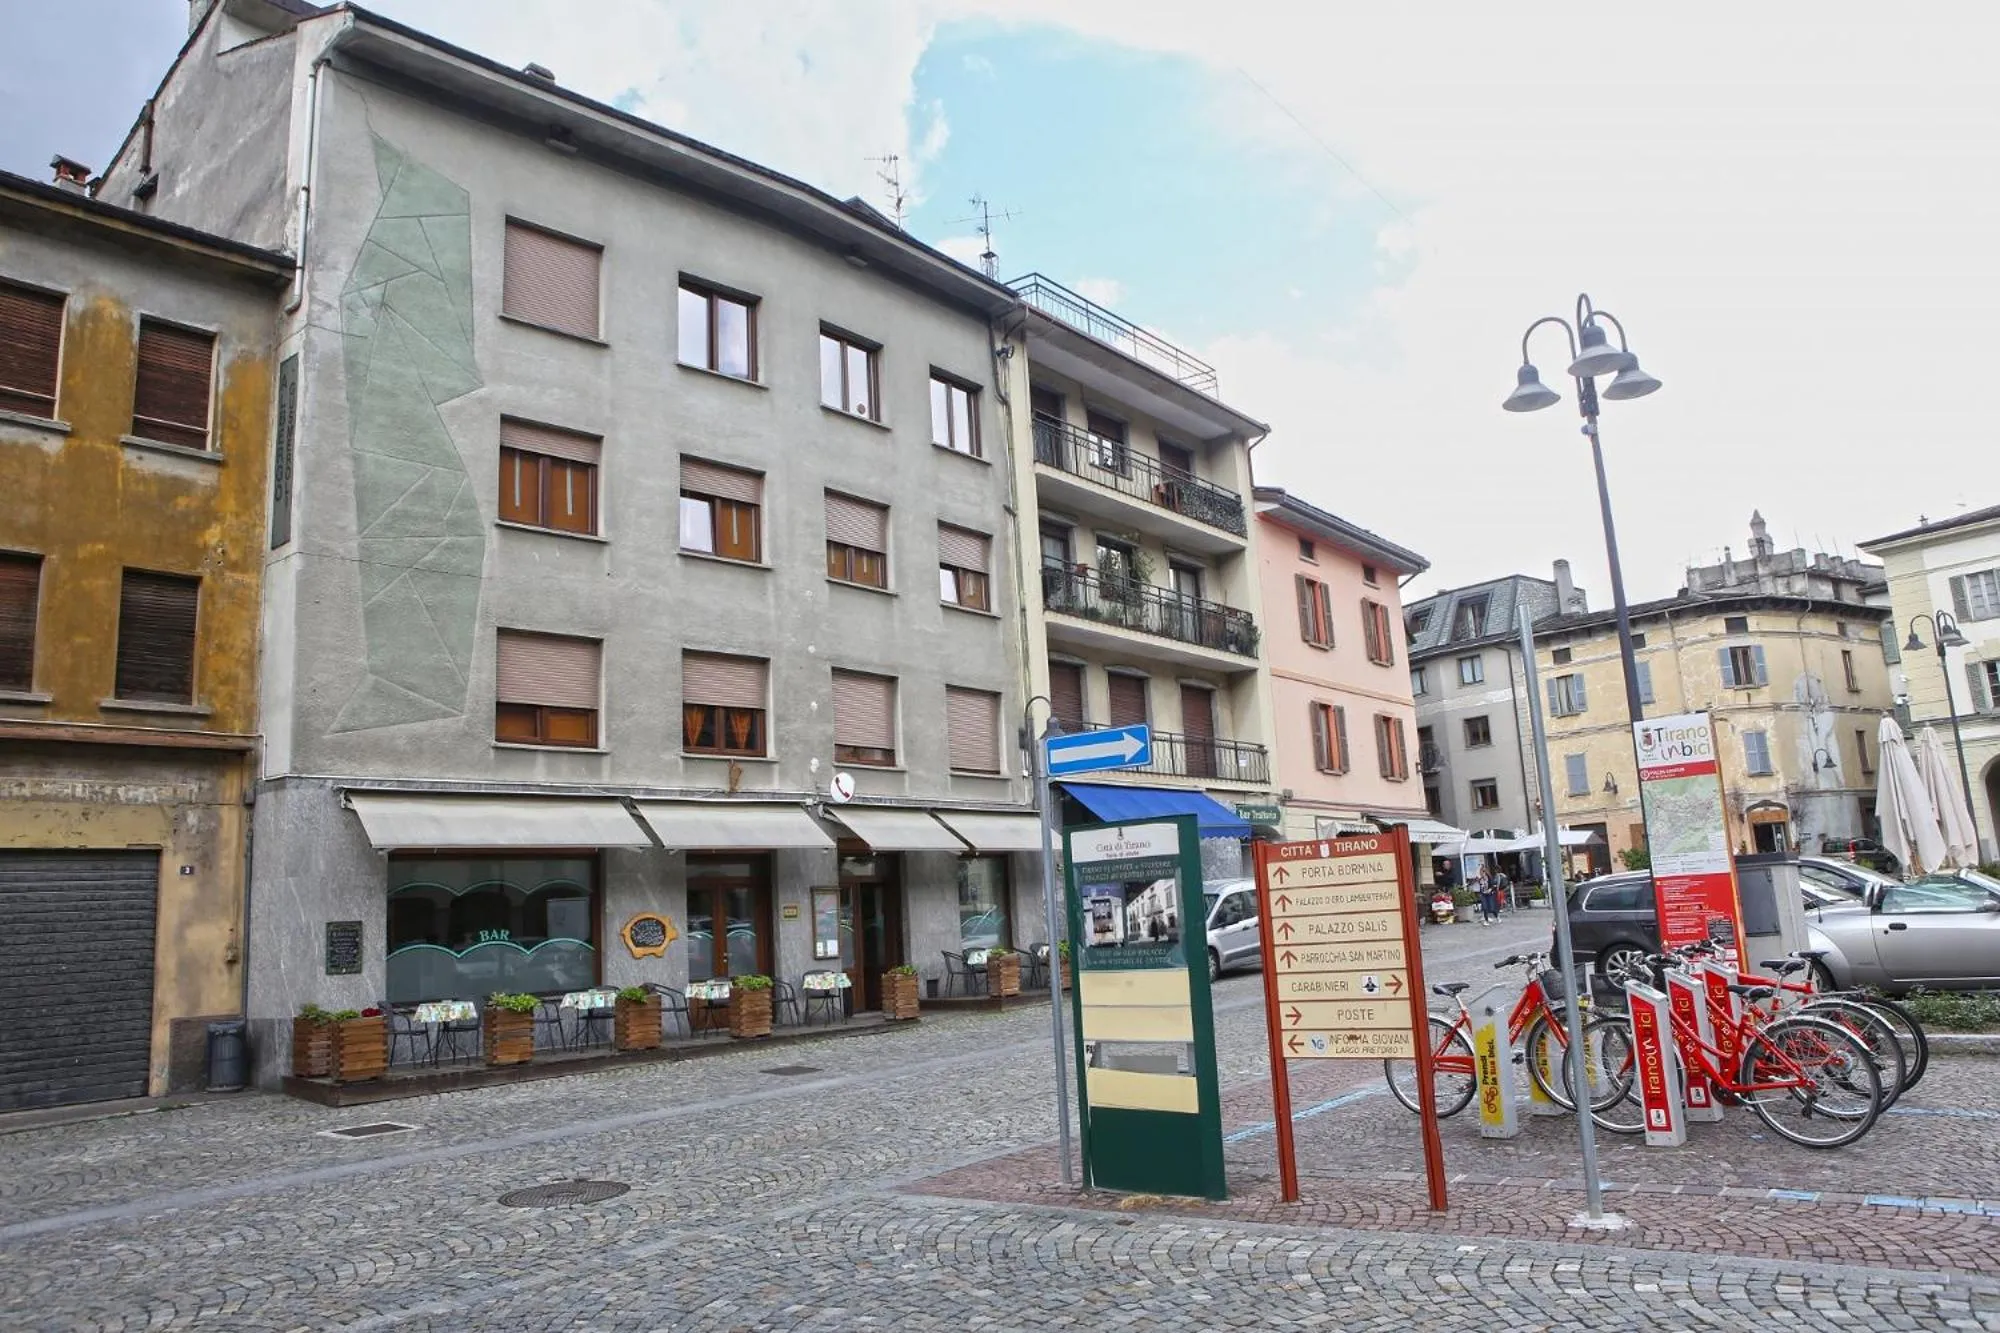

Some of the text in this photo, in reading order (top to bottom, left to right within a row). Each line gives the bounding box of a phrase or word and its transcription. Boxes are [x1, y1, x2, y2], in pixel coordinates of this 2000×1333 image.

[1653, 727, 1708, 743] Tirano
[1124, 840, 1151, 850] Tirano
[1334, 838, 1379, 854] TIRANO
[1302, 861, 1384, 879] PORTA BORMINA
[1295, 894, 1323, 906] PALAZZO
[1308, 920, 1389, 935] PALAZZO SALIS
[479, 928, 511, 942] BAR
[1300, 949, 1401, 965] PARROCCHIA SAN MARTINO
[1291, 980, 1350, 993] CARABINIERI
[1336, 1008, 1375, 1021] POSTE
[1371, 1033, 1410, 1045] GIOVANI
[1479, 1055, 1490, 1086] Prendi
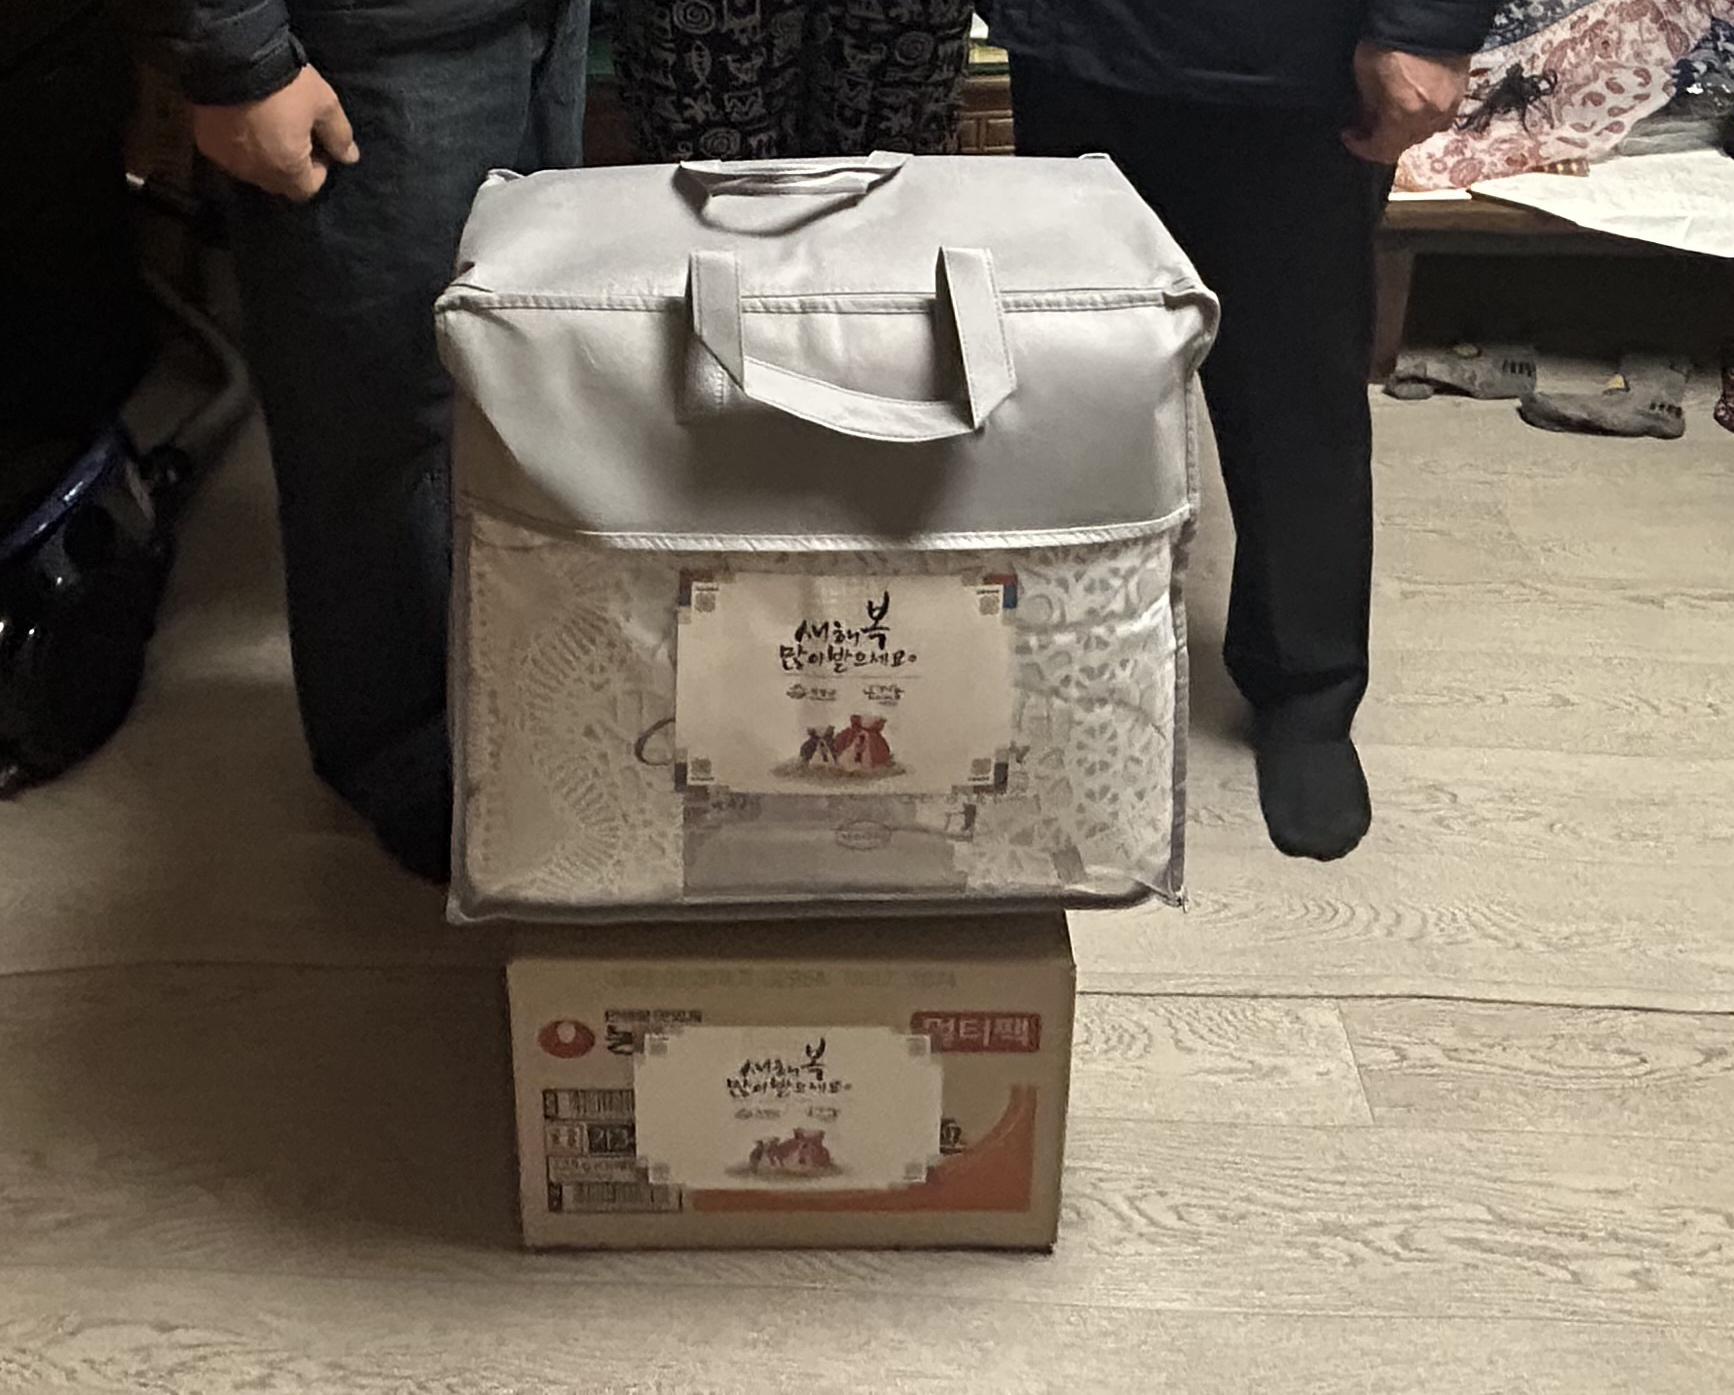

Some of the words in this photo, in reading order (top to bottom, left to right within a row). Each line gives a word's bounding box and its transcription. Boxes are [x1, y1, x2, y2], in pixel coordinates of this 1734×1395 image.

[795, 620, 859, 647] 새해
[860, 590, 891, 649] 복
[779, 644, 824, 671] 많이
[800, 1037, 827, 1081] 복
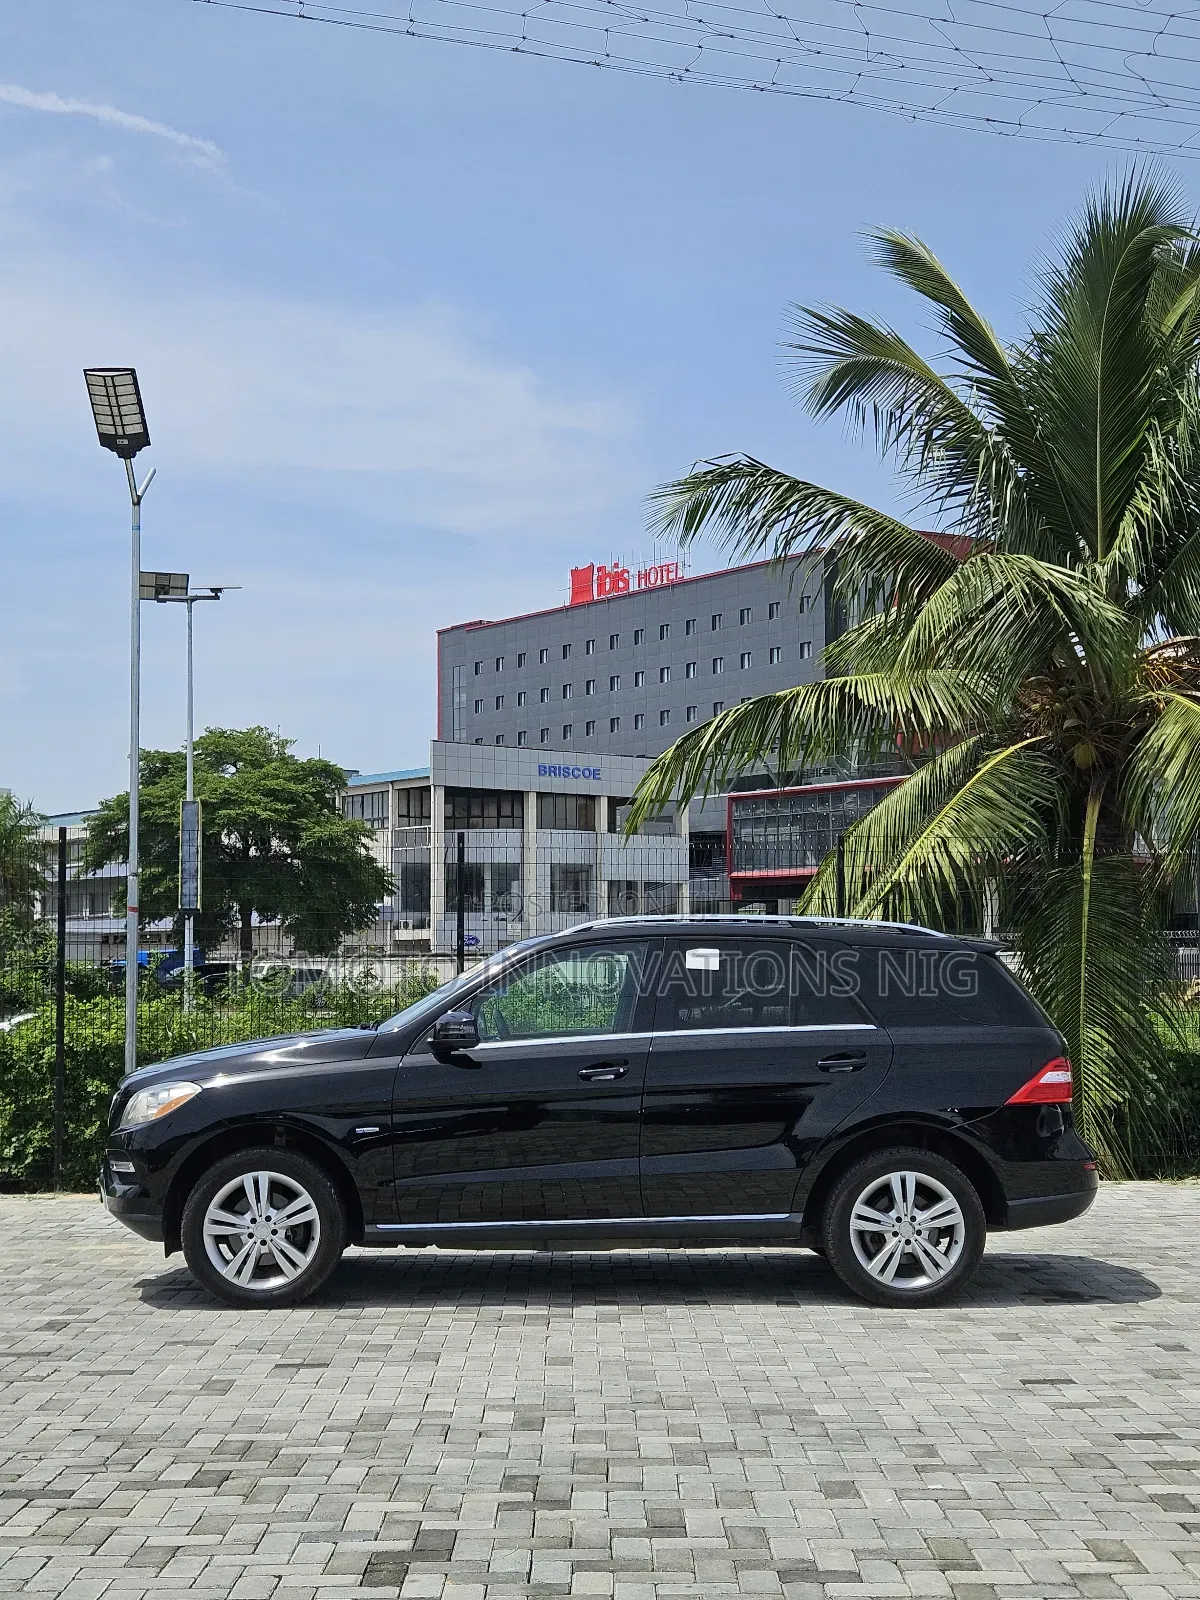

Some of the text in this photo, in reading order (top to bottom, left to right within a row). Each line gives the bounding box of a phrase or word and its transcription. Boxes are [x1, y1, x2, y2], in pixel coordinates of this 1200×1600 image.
***
EXERCISE DETAILS | Without the pictures, reproduce every line of the records above exactly.

WRITTEN SOLUTION |
Some of the text in this photo, in reading order (top to bottom, left to right within a row). Each line gives the bounding box of a phrase or word and its transcription. Boxes are [x1, y1, x2, y2], in pixel coordinates of this 2000×1333 image.

[1653, 727, 1708, 743] Tirano
[1124, 840, 1151, 850] Tirano
[1334, 838, 1379, 854] TIRANO
[1302, 861, 1384, 879] PORTA BORMINA
[1295, 894, 1323, 906] PALAZZO
[1308, 920, 1389, 935] PALAZZO SALIS
[479, 928, 511, 942] BAR
[1300, 949, 1401, 965] PARROCCHIA SAN MARTINO
[1291, 980, 1350, 993] CARABINIERI
[1336, 1008, 1375, 1021] POSTE
[1371, 1033, 1410, 1045] GIOVANI
[1479, 1055, 1490, 1086] Prendi

Some of the words in this photo, in reading order (top to bottom, left to right within a row). Each line gives a word's bounding box and its transcription. Boxes are [x1, y1, x2, y2], in pixel coordinates of this 1734×1395 image.

[795, 620, 859, 647] 새해
[860, 590, 891, 649] 복
[779, 644, 824, 671] 많이
[800, 1037, 827, 1081] 복

Some of the text in this photo, in reading order (top to bottom, left to right within a row). Each line gives the bounding box of a phrase or word and its transcription. Boxes are [x1, y1, x2, y2], in pixel coordinates of this 1200×1600 image.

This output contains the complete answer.